If you’re like me, you know what it’s like to wonder what pets are thinking or how they’re feeling. I’m more of a dog person and can usually read our canine companions with ease. Cats on the other hand usually elude me. AR/MR could be leveraged to understand how an animal feels at any given time, perhaps suggest ways to interact with them (for example, something along the lines of “This dog is teasing you, consider participating in a game of chase” or “This cat is scared, it might be advisable to leave them be”).
- Analyzing video streams of pets for behavioral cues.

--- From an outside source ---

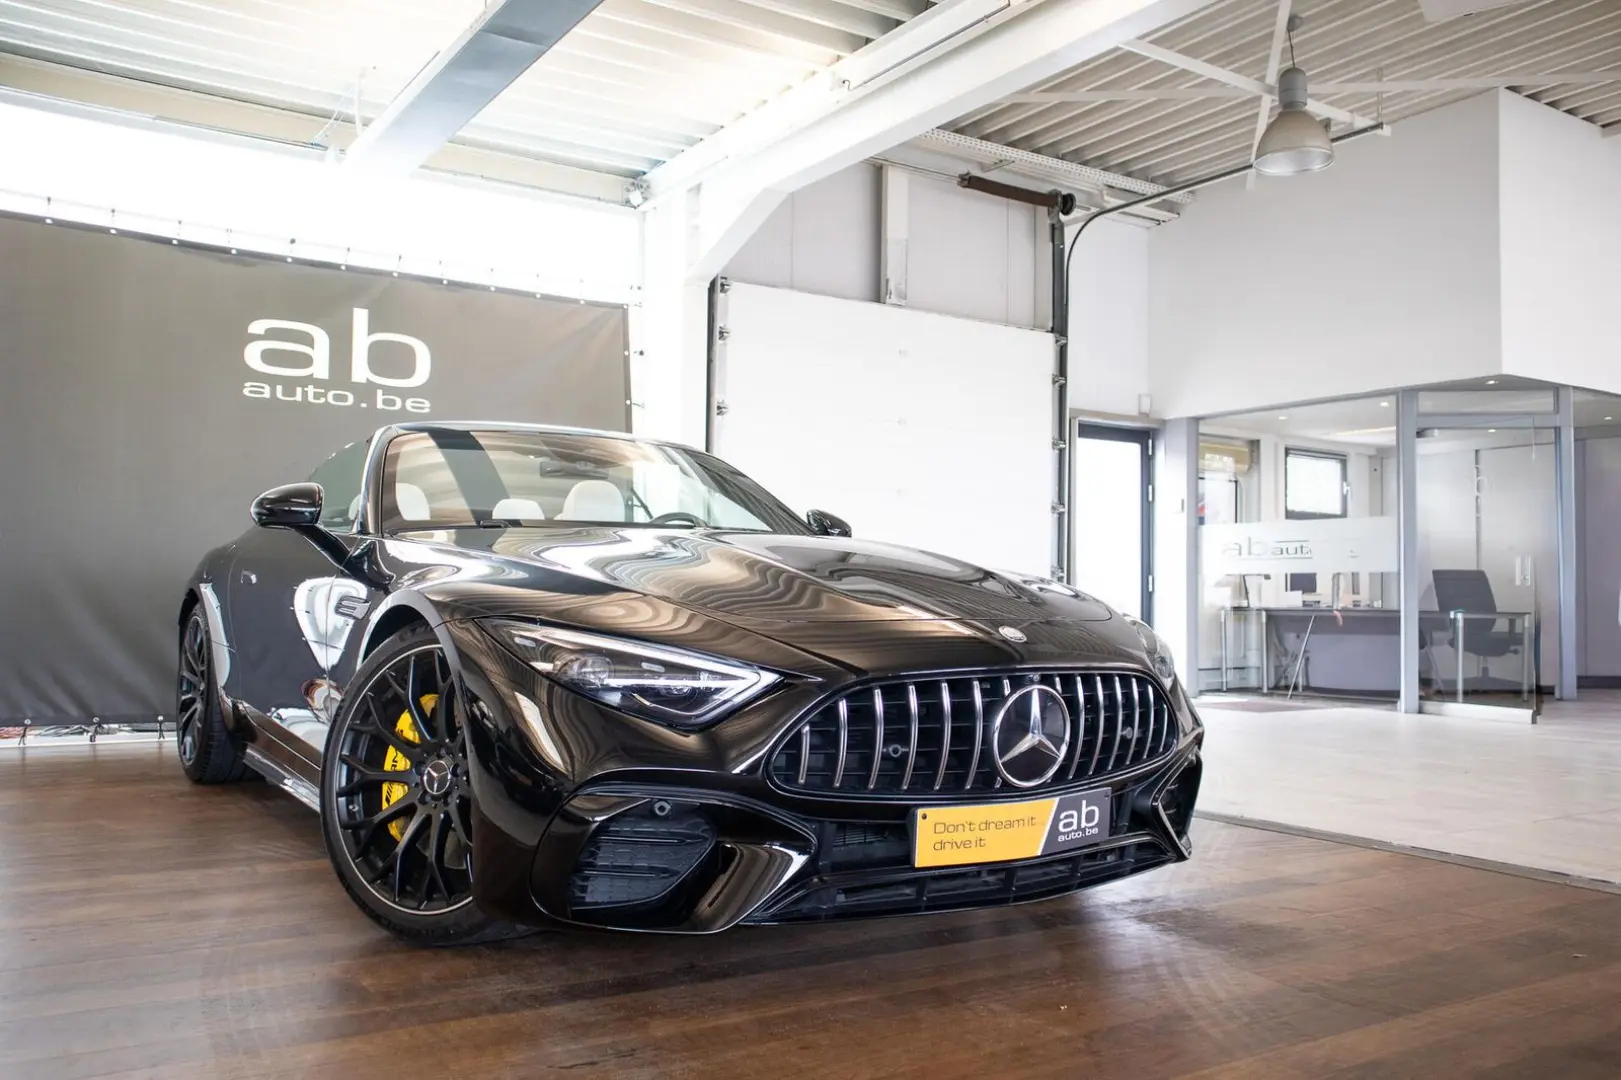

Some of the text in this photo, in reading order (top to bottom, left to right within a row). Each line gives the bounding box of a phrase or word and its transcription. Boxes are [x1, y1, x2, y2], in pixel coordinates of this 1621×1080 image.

- Suggesting suitable reactions.
Those who have been or are currently expecting will know the inconvenience of having to check what foods a mother-to-be can safely consume. It is a constant hassle that might be eased by an augmented reality app. This could be achieved by taking images of and analyzing what the pregnant woman is about to eat. Naturally, such results should be double-checked, as not all ingredients of a meal might be visible at any given time. But this app could be a great first step in making it easier for expecting parents to know what’s safe to eat and what isn’t.
- Analyzing images or video streams of food.
- Displaying results of whether the food can be safely eaten by someone who is pregnant.
Along similar lines as the book illustrations, AR/MR could be leveraged in concert with natural language understanding to help people learn how to read. Smartglasses could scan a page being read, listen to the reader attempting to read the text out loud, analyze that and check for pronunciations and gaps and such, offering help when a reader appears to be stuck.
- Scanning and understanding text on book pages.
- Listening to and understanding the reader.
- Analyzing audio for pronunciation errors and reading speed/flow.
- Offering advice when the reader appears stuck.
- Highlighting sections or specific words where errors were made, and prompting the reader to reread them.
- Rewarding readers for good performances and encouraging them to stay determined (did someone say gamification?)
Everyone is familiar with notifications. Got a new email, text message, or a nearby unlocked WiFi hot spot — notifications are sure to let you know. Phones have a couple of ways of alerting their user to a new notification: Via vibration (tactile cue), sound (audio cue), and some sort of message being displayed (visual cue). While we’re all used to and pay attention to them, notifications and their cues could be revolutionized in AR/MR. Perhaps an animated mailman appears out of nowhere to deliver you a new notification via virtual mail. Alternatively, each notification could be marked by a shooting start appearing in the background alongside some related (or custom) sound effect.
- Implementing notifications in well-known ways.
- Enhancing traditional notification systems.
- Innovating notifications from the ground up.